Is the tablet computer a new PC or post-PC?

Steve Ballmer stated and Andy Lees confirmed that Microsoft views iPad and other tablets as “just PCs”. From a market measurement point of view Canalys agrees. IDC and Gartner don’t, calling the new devices “media tablets.”

Before deciding whether tablets belong with PCs in market metrics, it would be interesting to look at what the data shows. When seen as a combined market, the focus should be on platforms. The following chart shows the four main PC+tablet platform volumes since late 2008 [1].

The second chart shows the same data as share of total market:

This comparison allows for some fresh observations:

  1. Excluding iPads, Apple is very close to being 5th largest global PC vendor. Global share likely to be above 5%. Including iPads, Apple would be 2nd.
  2. Platform year-on-year growth was Windows: +1.3%, OS X: +26%, iOS: +170%. Android growth cannot yet be measured since Android tablets have not been on the market for more than 1 year.
  3. In Q2 2011 one million more Windows PCs were sold than in Q2 2010. In same time, 903k more OS X PCs and 5.5 million more iPads.
  4. Excluding tablets, nearly 50% of the global PC growth was due to the Mac. Including iPad, Apple was responsible for ~70% of the growth in the PC market in Q2.

The picture that emerges is that while Windows continues to be dominant with 84% of units sold in the last quarter, the growth belongs to tablets which captured about 90% of it. If Windows remains marginal on tablets, the “PC market” will likely tip away from Microsoft in two years (depending on how quickly Apple can build iPads.)

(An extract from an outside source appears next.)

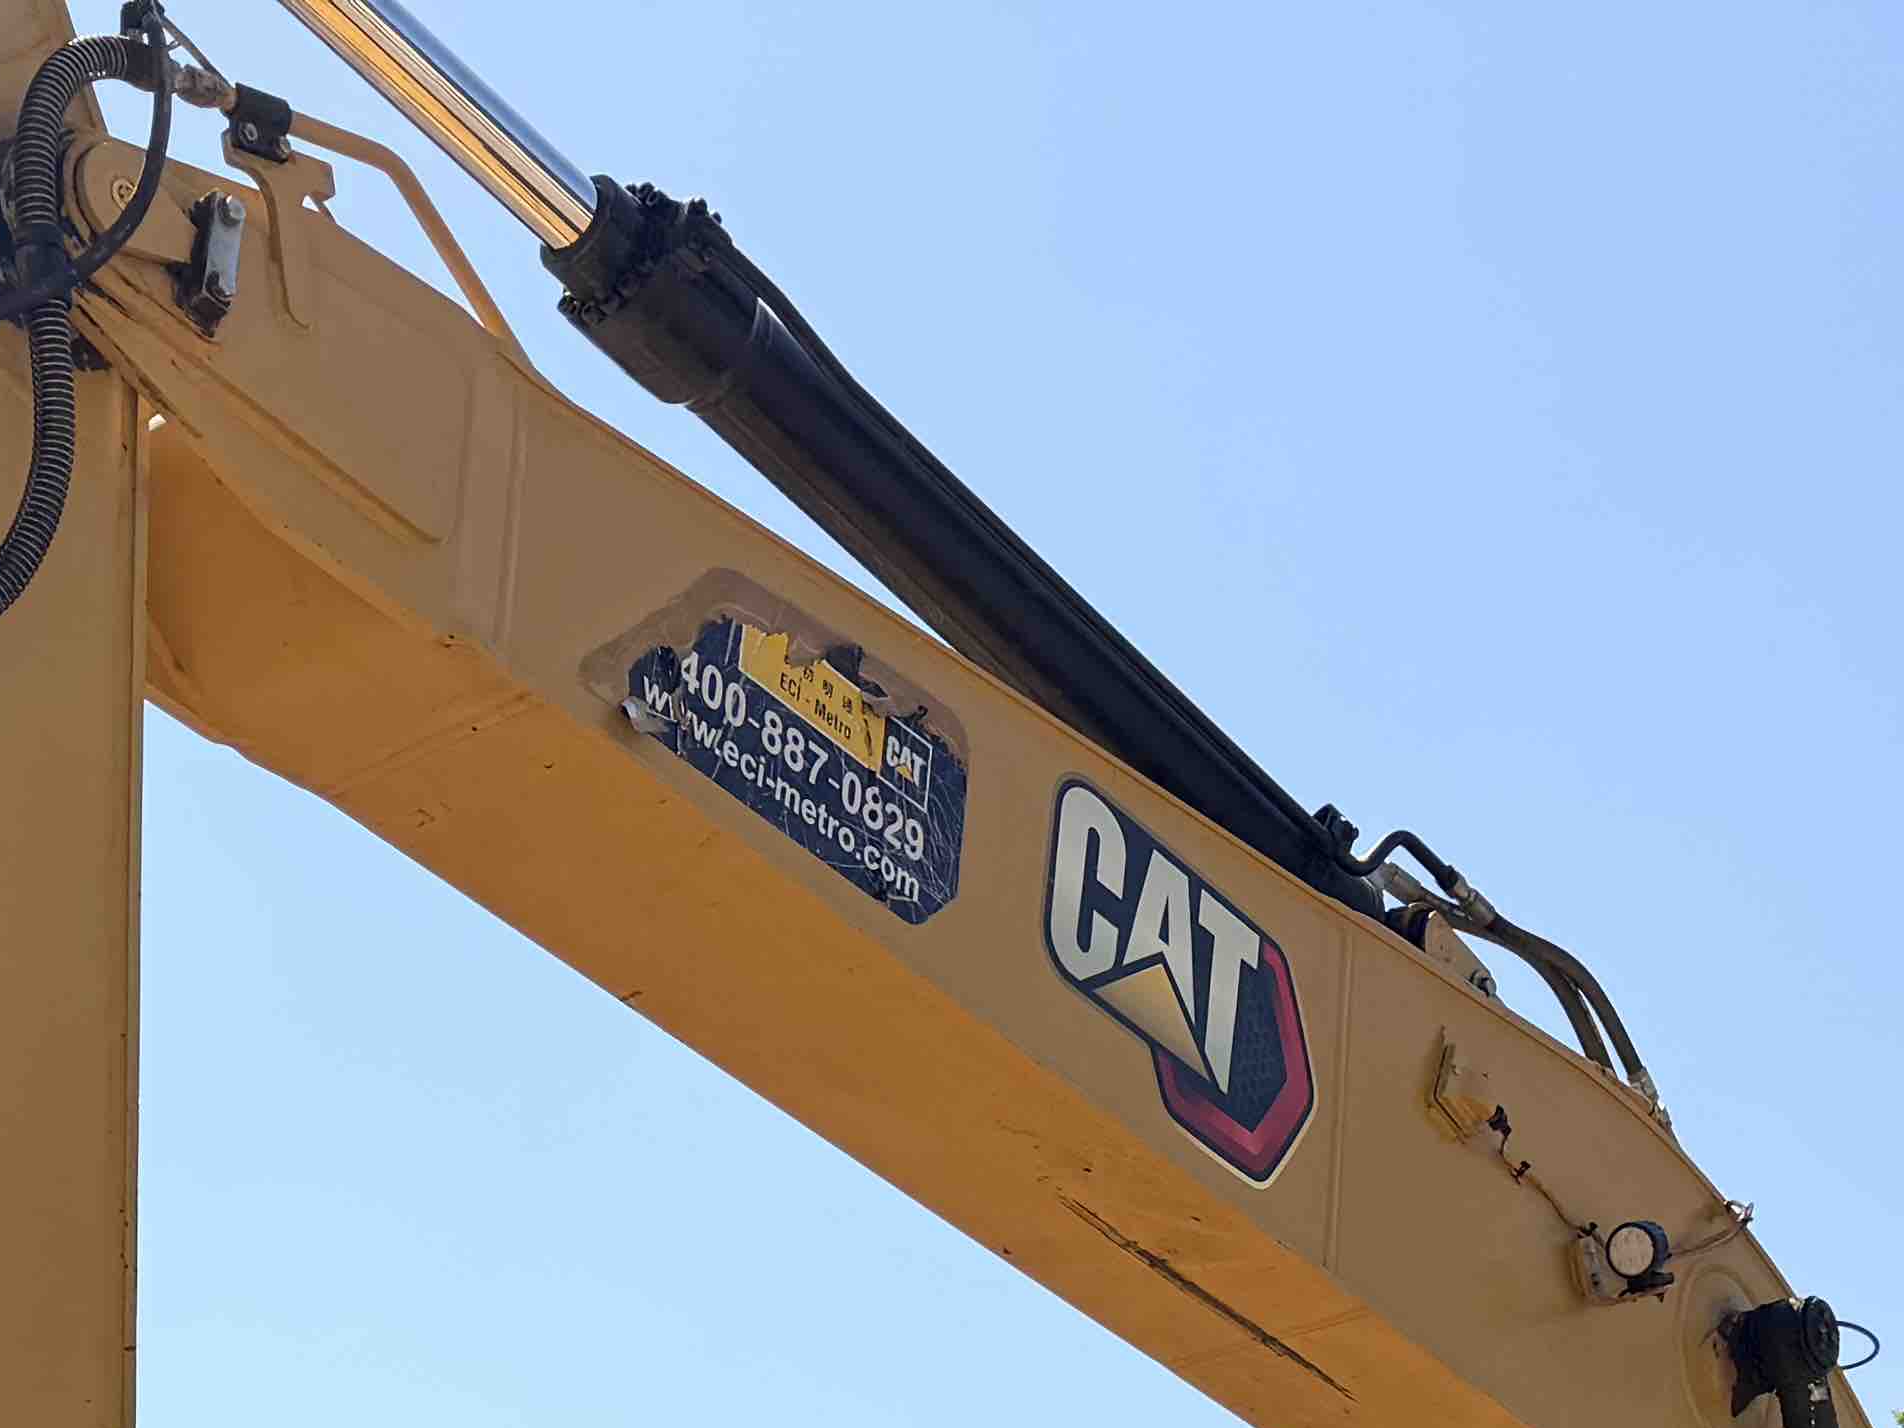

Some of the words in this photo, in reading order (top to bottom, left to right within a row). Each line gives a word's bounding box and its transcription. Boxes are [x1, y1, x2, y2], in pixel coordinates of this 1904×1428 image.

[681, 651, 925, 861] 400-887-0829
[814, 697, 853, 740] Metro
[885, 735, 928, 787] CAT
[1050, 786, 1261, 1095] CAT

Microsoft is making the commitment to move Windows to a tablet form factor but they are doing it while retaining the user interaction model of a desktop. This may or may not work but they are also conceding that a separate experience is also necessary. By rejecting the notion that a mobile OS alone can do the job, they are essentially building a “hybrid” tablet/laptop/desktop product which may be challenging to use but preserve their presence in the form factor.

Whether Microsoft succeeds or not will depend on whether the new form factor is disruptive in more than user experience. In other words whether this is just a “new PC” or a “post-PC”. The argument comes down to business model changes. For example the new model comes with different cycle time of product development (deep, integrated, yearly changes), different ecosystem (apps), different cost structures (high R&D in hardware), vast scale (device economics, components, ramps), and potentially new distribution (operators in the channel mix.)

Summed up, the real challenge for Microsoft is whether they can keep their business model (selling OS licenses to hardware vendors) as PCs become more device-like. Not only is iOS setting the benchmark for performance but Android is potentially ready to take share if the market turns slightly more modular. Microsoft’s differentiation looks to be primarily its legacy of PC software.

It may also seem that much remains to be discovered in this market but I think the main bets have already been made. The PC market as we know it is in the end game.

Notes:

  1. I used Gartner data for overall world-wide PC market and merged it with Mac and iPad data from Apple. Android data is estimated.